Poulets importés, poulets sacrifiés : quand le Gabon s’enferme dans sa ferme illusion 

En interdisant l’importation de poulet le Gouvernement lance une réforme ambitieuse qui pour prospérer doit être maîtrisée © DR

Libreville, le 27 août 2025 – (Dépêches 241). Ah, le Gabon, ce pays qui veut sauver ses poulets… en interdisant simplement qu’on en importe ! Le 30 mai dernier, une grande révélation est tombée comme un soufflé raté : dès 2027, fini les poulets de chair venus d’ailleurs. Courage, le Gabon va devenir souverain… de sa basse-cour. Applaudissements ! Ou pas.

Le tableau est plutôt cocasse : chaque année, le Gabon importe 55 000 tonnes de poulets, pendant que l’élevage local ne produit que 4 000 tonnes. Un gouffre économique, une balance commerciale qui fait la grimace, une sécurité alimentaire aussi fragile qu’un œuf sur un mur.
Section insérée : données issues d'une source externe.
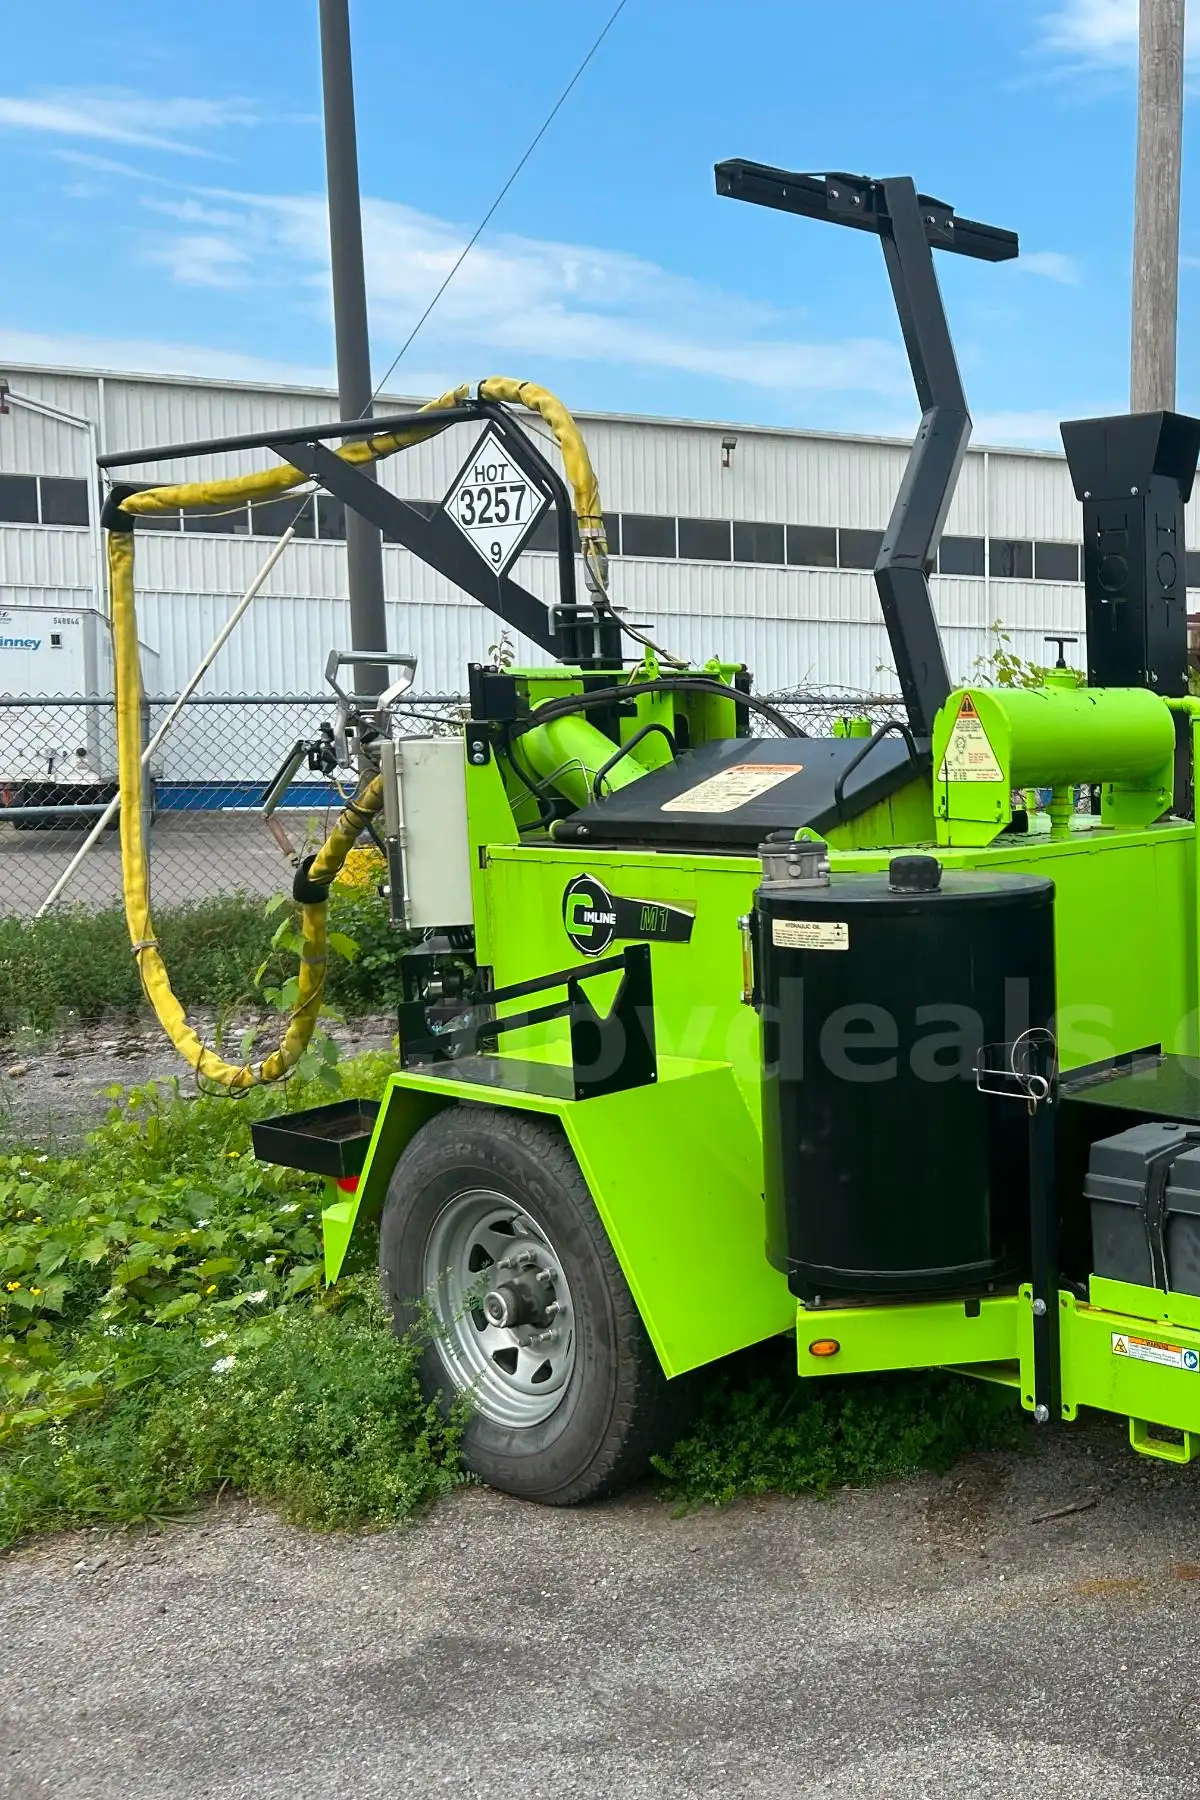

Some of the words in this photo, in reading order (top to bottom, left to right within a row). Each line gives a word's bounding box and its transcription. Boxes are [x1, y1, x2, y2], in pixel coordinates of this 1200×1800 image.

[474, 463, 509, 483] HOT
[459, 484, 526, 526] 3257
[490, 541, 502, 564] 9
[640, 905, 669, 932] M1
Alexandre Barro Chambrier, le vice-président, avait de quoi s’arracher les plumes : « perte économique considérable », « fragilisation de l’emploi », « vulnérabilité alimentaire »… Ça sonne presque comme un chant du cygne pour la filière gabonaise. Heureusement qu’on a la solution magique : interdire les importations.

Mais la vraie question, c’est comment transformer cette interdiction en une renaissance ? Parce que l’erreur suivie du silence, c’est la recette parfaite de l’échec. La ministre Odette Polo, elle, a l’œil aguerri : « Trop de grandes solutions inexploitables, trop d’incantations, trop d’échecs ». Bingo. Alors, on va essayer autre chose : une pincée de fiscalité adaptée, une louche d’encadrement technique, un zeste de foncier agricole, un coup de pousse sur l’alimentation animale et zou, la filière avicole sera enfin prête à voler de ses propres ailes. Ou plutôt à picorer à sa guise.

Ce grand raout national, ouvert ce 25 août, ressemble à une réunion de secours avant la grande bataille contre les poulets importés. Une sorte de réunion de famille où chacun espère un miracle. Le président Brice Clotaire Oligui Nguema, visionnaire entre tous, fait de la souveraineté alimentaire la pierre angulaire de son projet présidentiel. On attend donc le miracle, en espérant qu’il ne finisse pas en fable de La Fontaine revisitée : « La poule locale et l’importation disparue ».

En somme, il s’agit d’un pari audacieux, ambitieux, – car il faut aimer son pays pour lui infliger ce genre de traitement. Passer des intentions aux actes d’ici 2027 demandera plus que des paroles bien pondues et un forum bien senti. Il faudra de la rigueur, des moyens et, surtout, un peu plus de réalisme.

D’ici là, on pourrait presque suggérer à nos amis gabonais d’ouvrir un centre de formation accélérée en élevage de poulets, histoire de ne pas se retrouver à court lorsque l’horloge sonnera minuit sur les importations. Car au final, interdire un produit qu’on ne sait pas assez produire soi-même, c’est un peu comme vouloir jouer au chef d’orchestre sans connaître la partition. Ça risque de s’entendre… et pas forcément en bien.

Alors, chers Gabonais, palpez votre poulet domestique, caressez votre poule locale, et priez que d’ici 2027, la filière avicole gabonaise ait volé plus haut que les discours ministériels. Parce qu’à ce rythme, la souveraineté alimentaire ne sera pas au menu. Juste un plat d’espoirs frits à l’huile de déception.